- Data excerpts
-=-=-

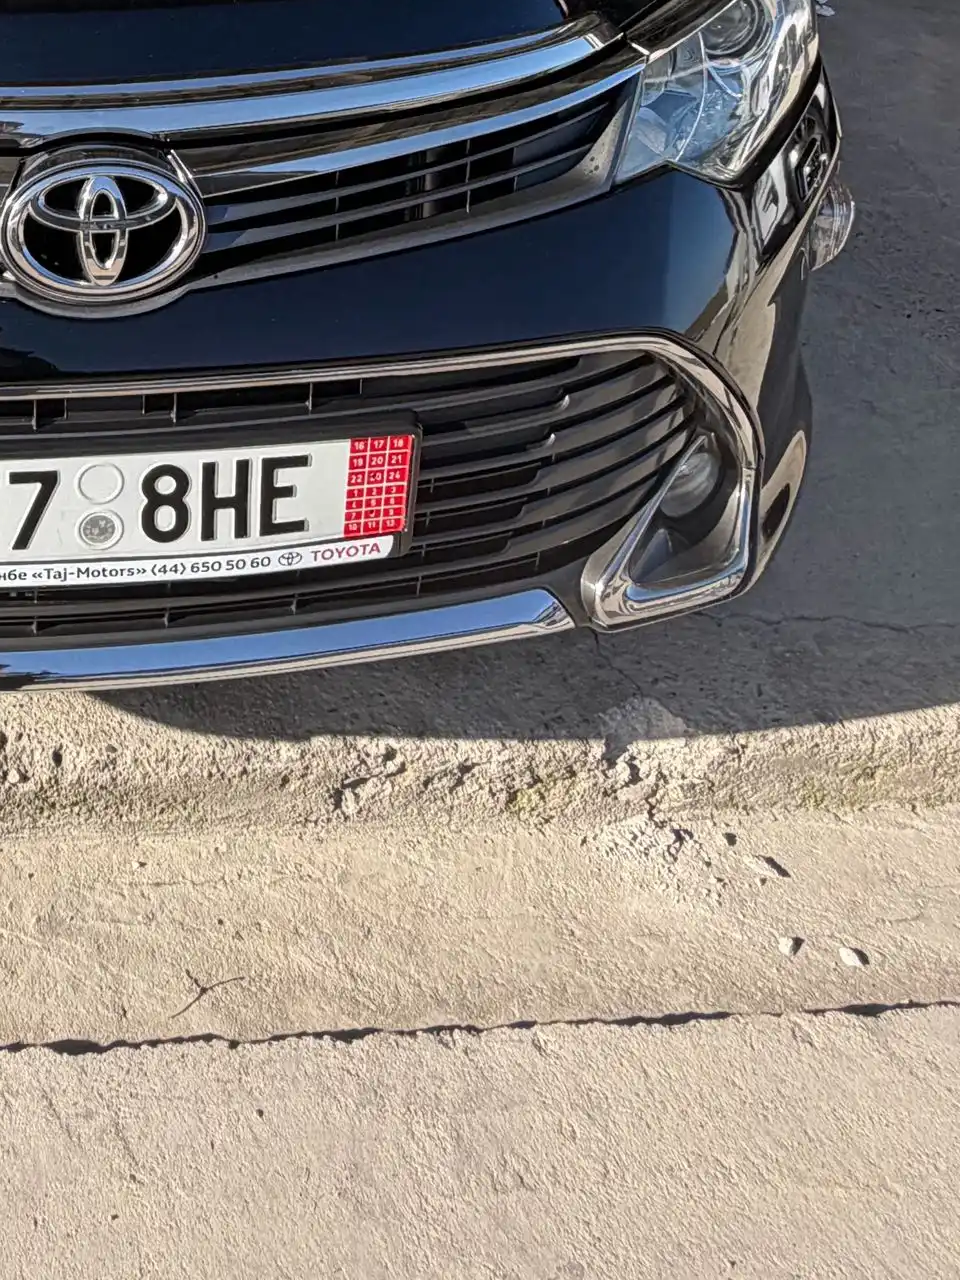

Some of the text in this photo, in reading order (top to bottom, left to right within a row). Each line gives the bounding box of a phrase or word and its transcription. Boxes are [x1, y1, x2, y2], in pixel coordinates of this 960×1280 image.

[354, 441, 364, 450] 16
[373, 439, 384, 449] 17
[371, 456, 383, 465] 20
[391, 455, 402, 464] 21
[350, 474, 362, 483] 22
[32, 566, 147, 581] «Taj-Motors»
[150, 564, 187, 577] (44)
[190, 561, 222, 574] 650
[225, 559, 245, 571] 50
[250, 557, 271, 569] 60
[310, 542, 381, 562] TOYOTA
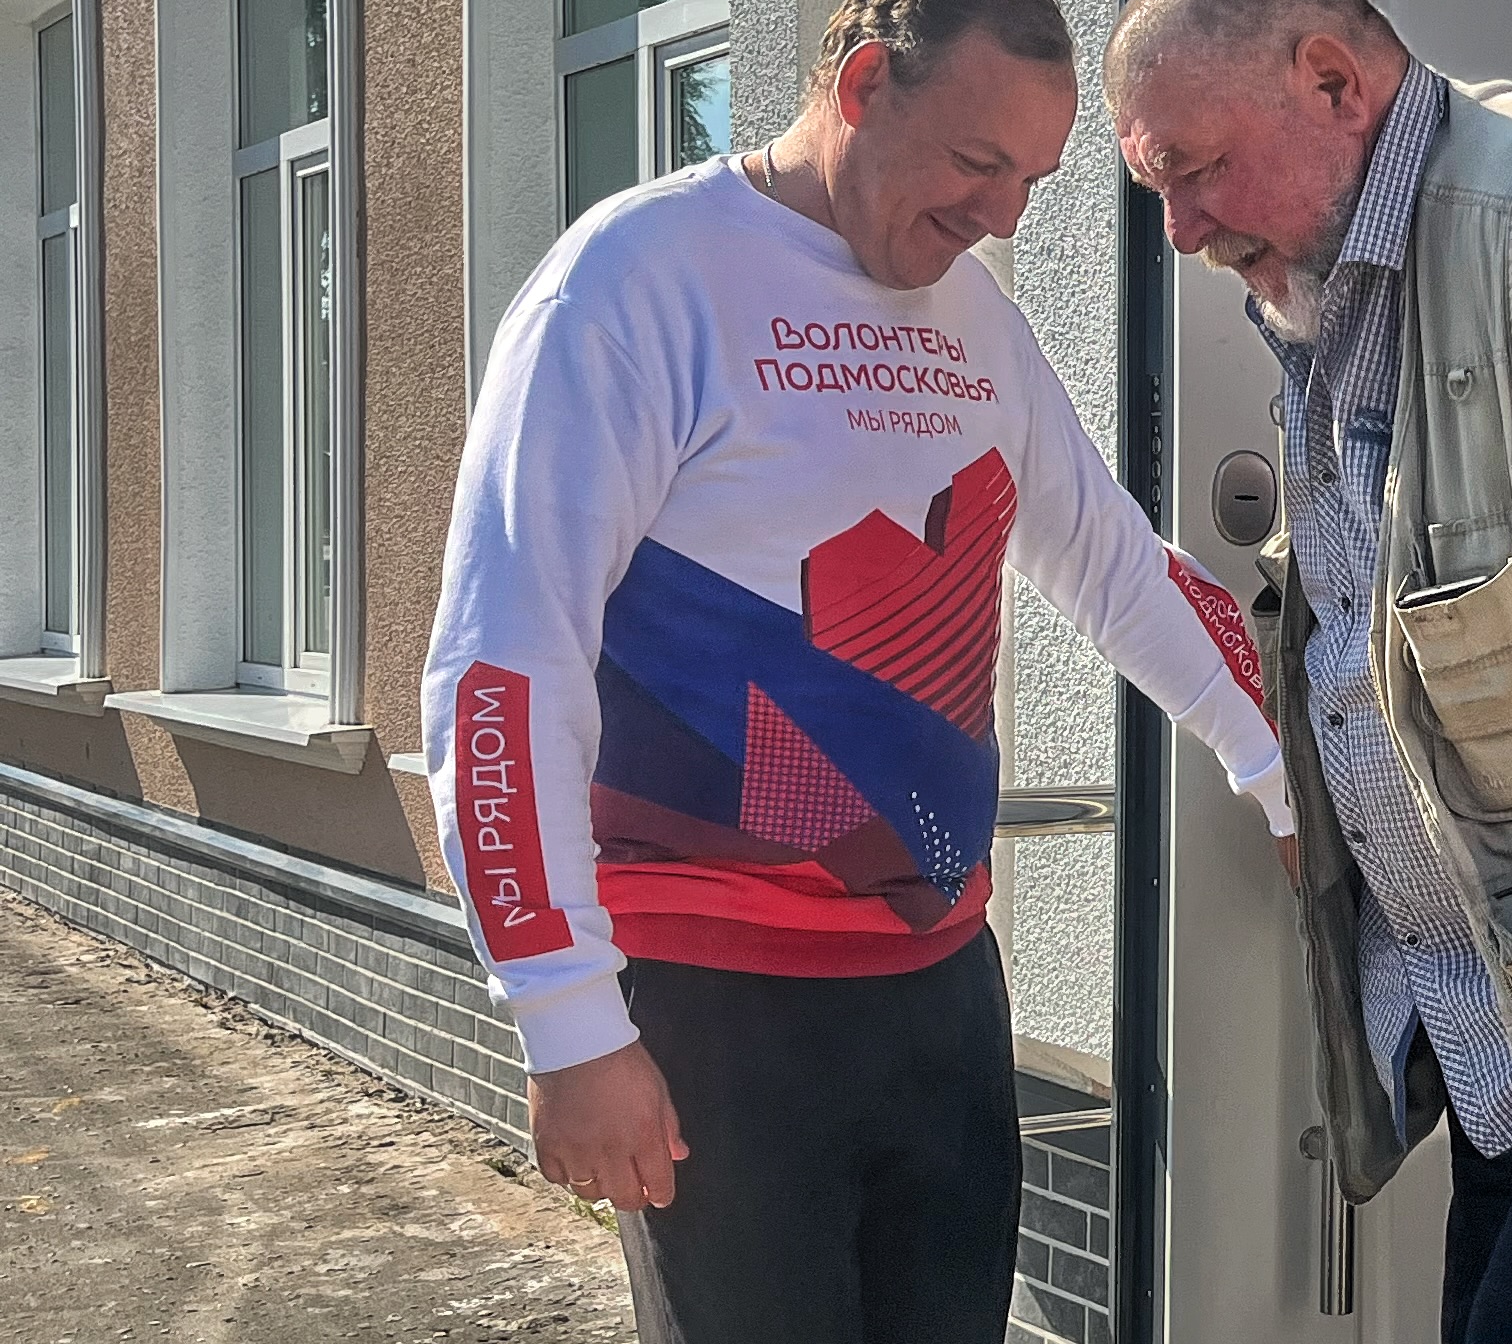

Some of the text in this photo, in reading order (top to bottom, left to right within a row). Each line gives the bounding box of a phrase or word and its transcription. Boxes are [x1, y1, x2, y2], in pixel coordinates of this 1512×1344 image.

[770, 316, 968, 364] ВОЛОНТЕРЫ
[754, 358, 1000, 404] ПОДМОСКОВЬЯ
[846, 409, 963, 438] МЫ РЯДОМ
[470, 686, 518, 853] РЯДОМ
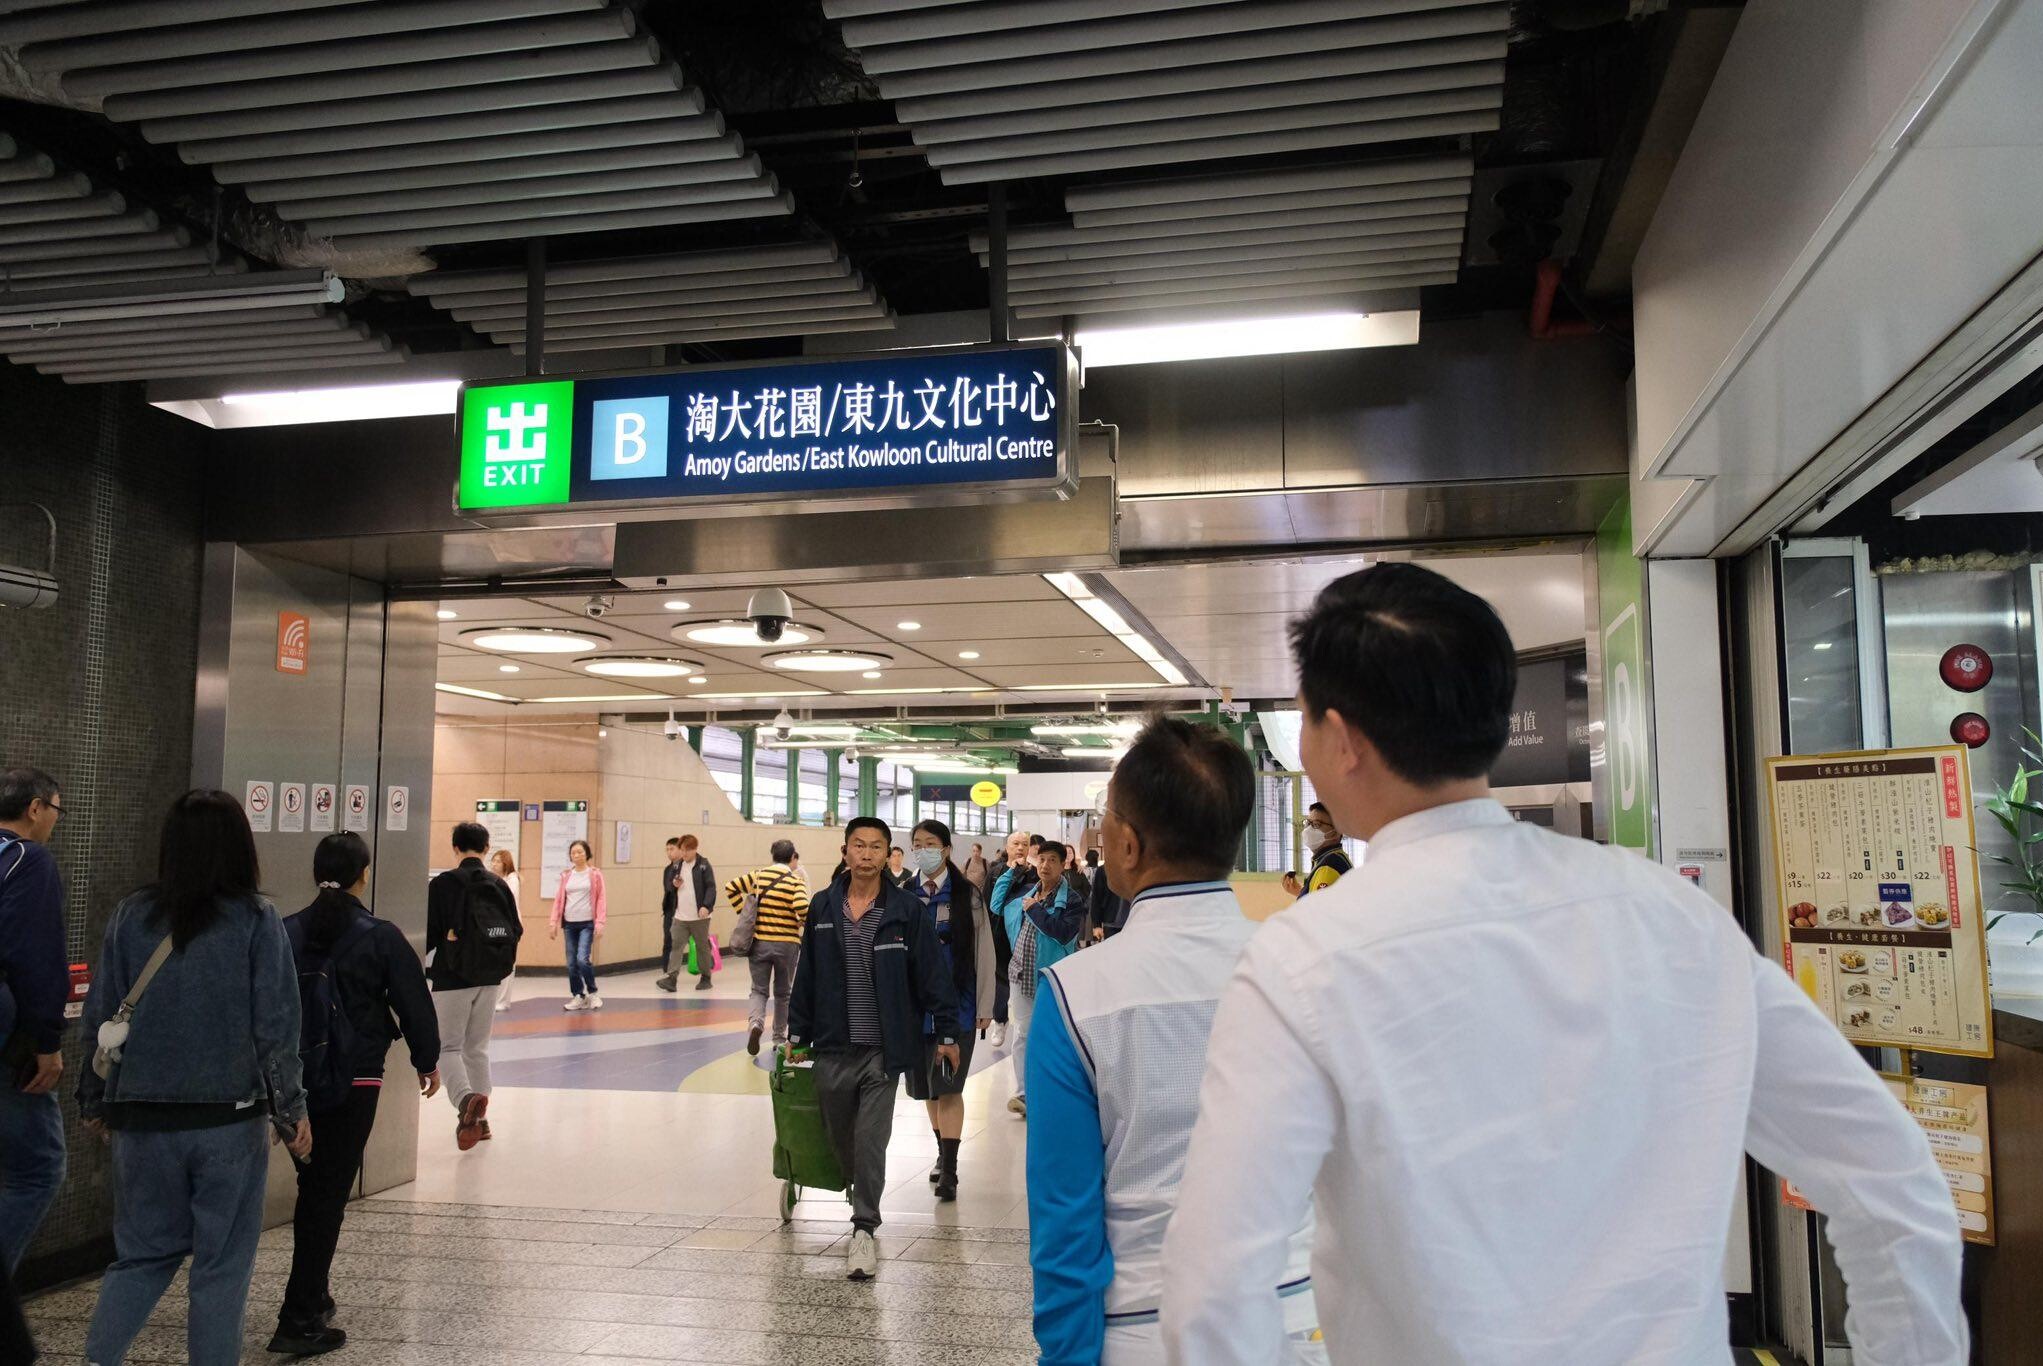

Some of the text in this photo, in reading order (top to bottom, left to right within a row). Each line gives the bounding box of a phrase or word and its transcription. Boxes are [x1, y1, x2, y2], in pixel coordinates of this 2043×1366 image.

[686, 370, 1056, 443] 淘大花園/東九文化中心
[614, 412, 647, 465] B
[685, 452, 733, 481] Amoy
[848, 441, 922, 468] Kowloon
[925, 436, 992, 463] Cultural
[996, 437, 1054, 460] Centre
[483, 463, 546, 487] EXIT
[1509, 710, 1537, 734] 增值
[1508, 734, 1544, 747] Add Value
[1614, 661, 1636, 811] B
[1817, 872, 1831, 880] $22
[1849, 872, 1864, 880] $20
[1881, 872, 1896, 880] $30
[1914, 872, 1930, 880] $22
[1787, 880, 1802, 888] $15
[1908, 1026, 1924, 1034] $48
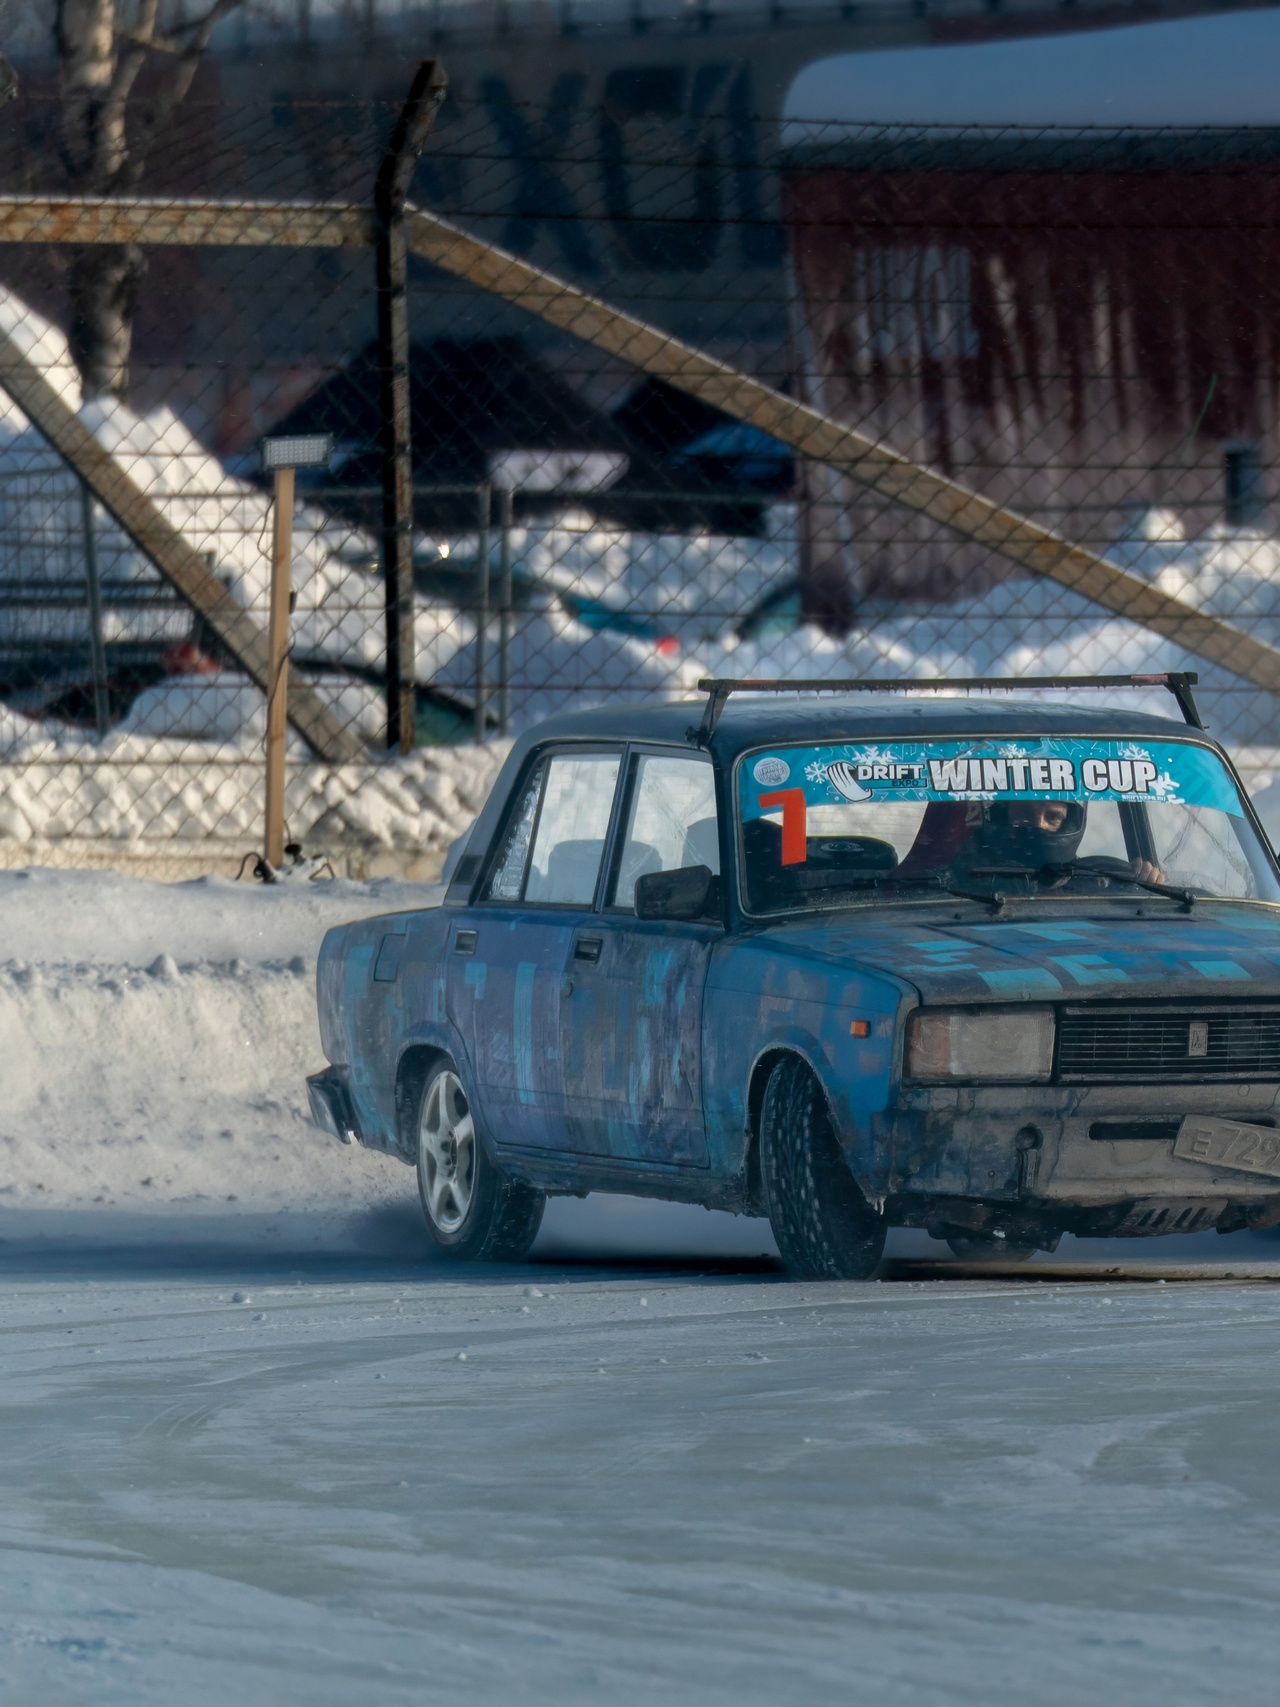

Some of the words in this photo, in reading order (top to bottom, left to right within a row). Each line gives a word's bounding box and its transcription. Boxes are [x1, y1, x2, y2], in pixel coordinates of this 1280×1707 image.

-=-=-

- INSTRUCTIONS FOR THE TASK
All of the entries above should be copied exactly, with the images left out.

- SOLVED PROBLEM
Some of the text in this photo, in reading order (top to bottom, left to right within a row). Each line gives the bounding box of a phrase or word and its transcription. Boxes are [x1, y1, x2, y2], in pixel coordinates of this 960×1280 image.

[354, 441, 364, 450] 16
[373, 439, 384, 449] 17
[371, 456, 383, 465] 20
[391, 455, 402, 464] 21
[350, 474, 362, 483] 22
[32, 566, 147, 581] «Taj-Motors»
[150, 564, 187, 577] (44)
[190, 561, 222, 574] 650
[225, 559, 245, 571] 50
[250, 557, 271, 569] 60
[310, 542, 381, 562] TOYOTA

Some of the text in this photo, in reading order (top to bottom, left to right within a row). Each line gives the bounding box of a phrase or word and its transcription. Boxes are [x1, y1, x2, y2], in pixel coordinates of this 1512×1344 image.

[770, 316, 968, 364] ВОЛОНТЕРЫ
[754, 358, 1000, 404] ПОДМОСКОВЬЯ
[846, 409, 963, 438] МЫ РЯДОМ
[470, 686, 518, 853] РЯДОМ

Some of the text in this photo, in reading order (top to bottom, left to right within a row). Each line gives the bounding box of a phrase or word and its transcription. Boxes are [x1, y1, x2, y2], in pixel coordinates of this 2043×1366 image.

[686, 370, 1056, 443] 淘大花園/東九文化中心
[614, 412, 647, 465] B
[685, 452, 733, 481] Amoy
[848, 441, 922, 468] Kowloon
[925, 436, 992, 463] Cultural
[996, 437, 1054, 460] Centre
[483, 463, 546, 487] EXIT
[1509, 710, 1537, 734] 增值
[1508, 734, 1544, 747] Add Value
[1614, 661, 1636, 811] B
[1817, 872, 1831, 880] $22
[1849, 872, 1864, 880] $20
[1881, 872, 1896, 880] $30
[1914, 872, 1930, 880] $22
[1787, 880, 1802, 888] $15
[1908, 1026, 1924, 1034] $48

Some of the words in this photo, in reading order (top to bottom, left to right within a row). Each line gives a word's bounding box and its transcription. Boxes are [x1, y1, x2, y2], in pixel coordinates of this 1280×1707 image.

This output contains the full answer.